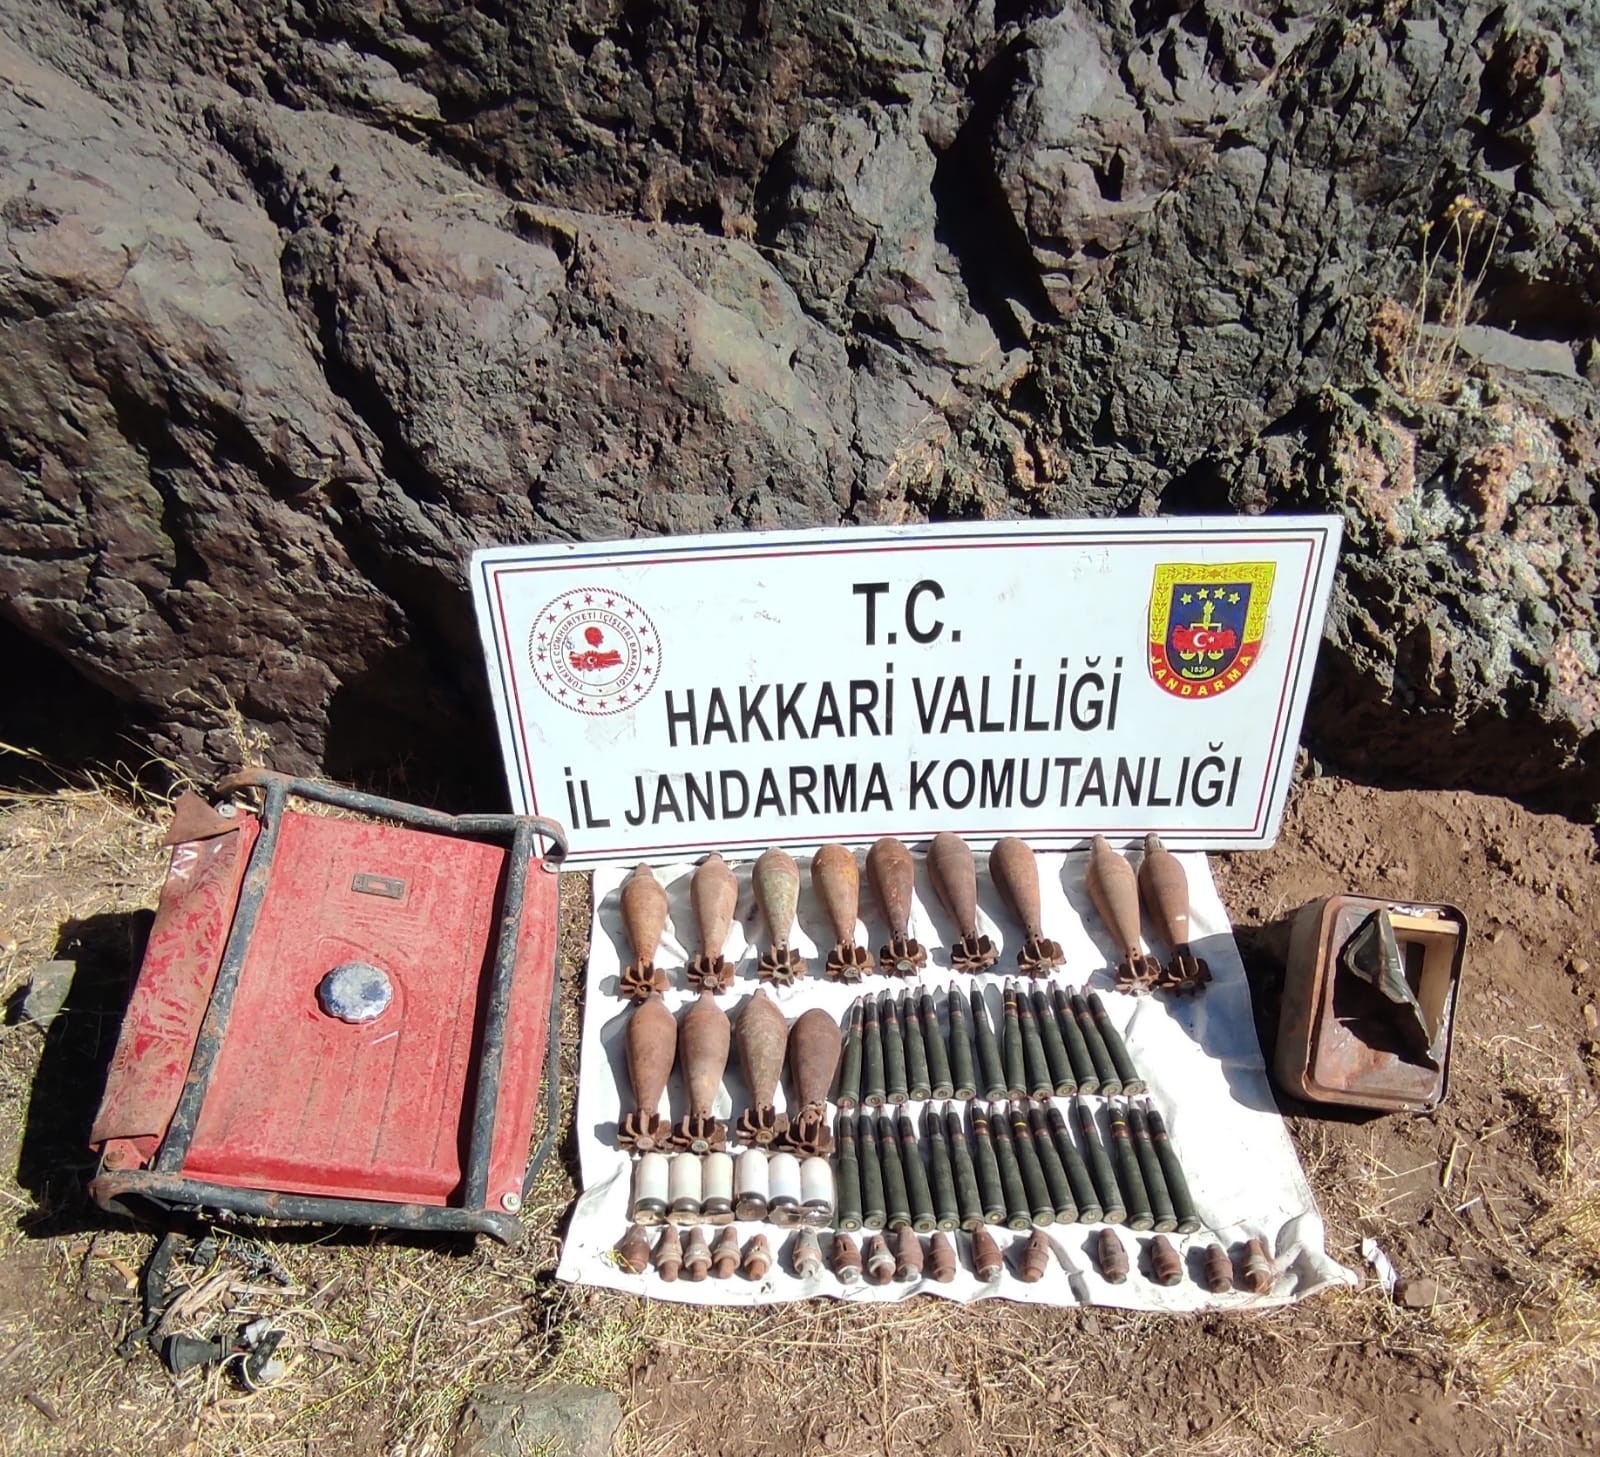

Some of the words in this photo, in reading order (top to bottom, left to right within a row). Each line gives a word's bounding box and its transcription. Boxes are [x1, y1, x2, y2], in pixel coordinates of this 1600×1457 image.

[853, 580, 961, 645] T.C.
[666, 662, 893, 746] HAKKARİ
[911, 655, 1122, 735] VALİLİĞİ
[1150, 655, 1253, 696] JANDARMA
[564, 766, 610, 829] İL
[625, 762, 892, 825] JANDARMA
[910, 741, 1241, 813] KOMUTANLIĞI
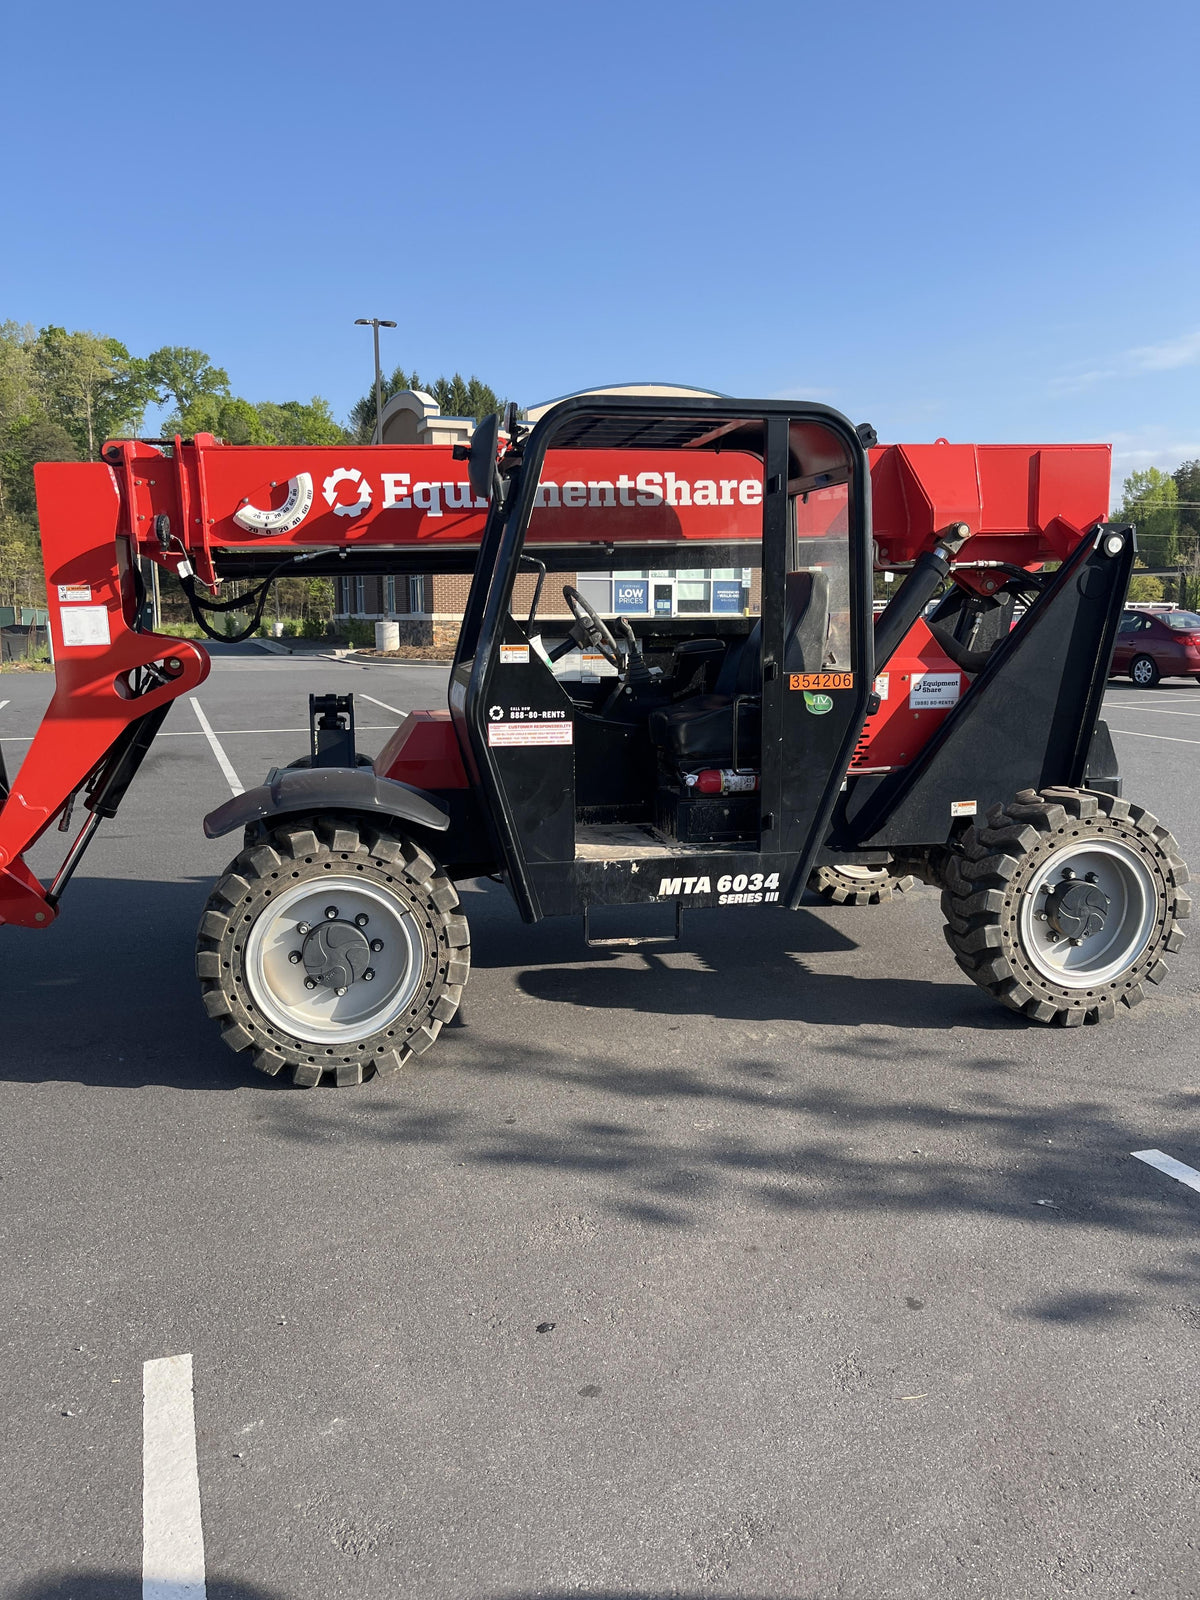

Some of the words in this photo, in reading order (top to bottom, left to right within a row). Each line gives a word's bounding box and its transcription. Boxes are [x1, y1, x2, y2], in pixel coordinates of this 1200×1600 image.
┄┄┄┄┄┄┄┄┄┄
Exercise requirements: Every line above is to be given again exactly, apart from the pictures.

Solved problem:
Some of the words in this photo, in reading order (top to bottom, left to right within a row). Each line gives a word's bounding box and its transcription. Boxes are [x1, y1, x2, y2], in pixel coordinates of this 1600×1457 image.

[853, 580, 961, 645] T.C.
[666, 662, 893, 746] HAKKARİ
[911, 655, 1122, 735] VALİLİĞİ
[1150, 655, 1253, 696] JANDARMA
[564, 766, 610, 829] İL
[625, 762, 892, 825] JANDARMA
[910, 741, 1241, 813] KOMUTANLIĞI

Some of the words in this photo, in reading order (top to bottom, left to right within a row). Each line gives a word's bounding box and its transcription. Boxes are [x1, y1, x2, y2], in pixel coordinates of this 1200×1600 image.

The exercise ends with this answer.